──────── Information provided ────────

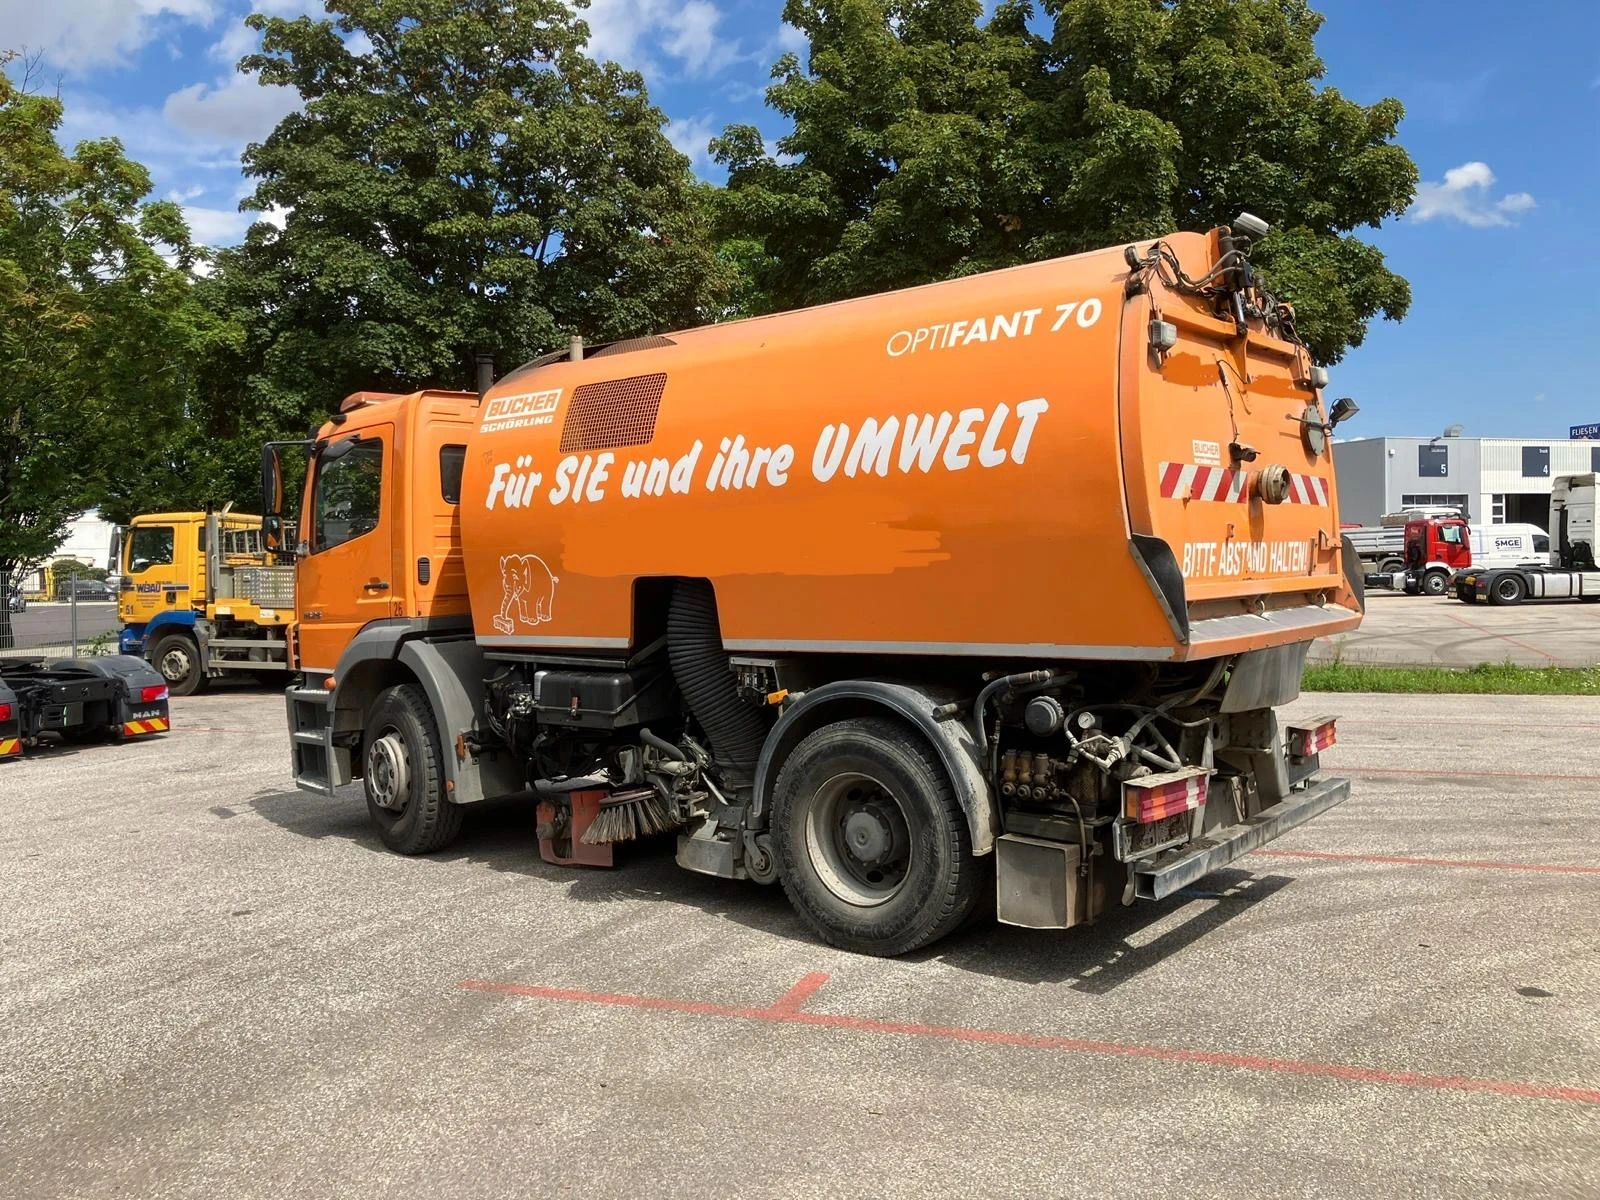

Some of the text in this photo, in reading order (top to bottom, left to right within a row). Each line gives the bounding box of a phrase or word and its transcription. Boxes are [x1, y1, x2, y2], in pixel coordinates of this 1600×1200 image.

[886, 298, 1101, 356] OPTIFANT 70
[489, 391, 558, 418] BUCHER
[480, 415, 553, 433] SCHÖRLING
[1571, 427, 1598, 436] FLIESEN
[486, 398, 1049, 510] Für SIE und ihre UMWELT
[1194, 442, 1219, 456] BUCHER
[1440, 464, 1447, 474] 5
[1543, 465, 1549, 474] 4
[1494, 539, 1520, 547] SMGE
[1219, 542, 1267, 575] ABSTAND
[133, 709, 160, 719] MAN

────────

**Assigned task:**
Exactly as written, please copy out the whole set of records, skipping images.

**Response to this exercise:**
Some of the text in this photo, in reading order (top to bottom, left to right within a row). Each line gives the bounding box of a phrase or word and its transcription. Boxes are [x1, y1, x2, y2], in pixel coordinates of this 1600×1200 image.

[886, 298, 1101, 356] OPTIFANT 70
[489, 391, 558, 418] BUCHER
[480, 415, 553, 433] SCHÖRLING
[1571, 427, 1598, 436] FLIESEN
[486, 398, 1049, 510] Für SIE und ihre UMWELT
[1194, 442, 1219, 456] BUCHER
[1440, 464, 1447, 474] 5
[1543, 465, 1549, 474] 4
[1494, 539, 1520, 547] SMGE
[1219, 542, 1267, 575] ABSTAND
[133, 709, 160, 719] MAN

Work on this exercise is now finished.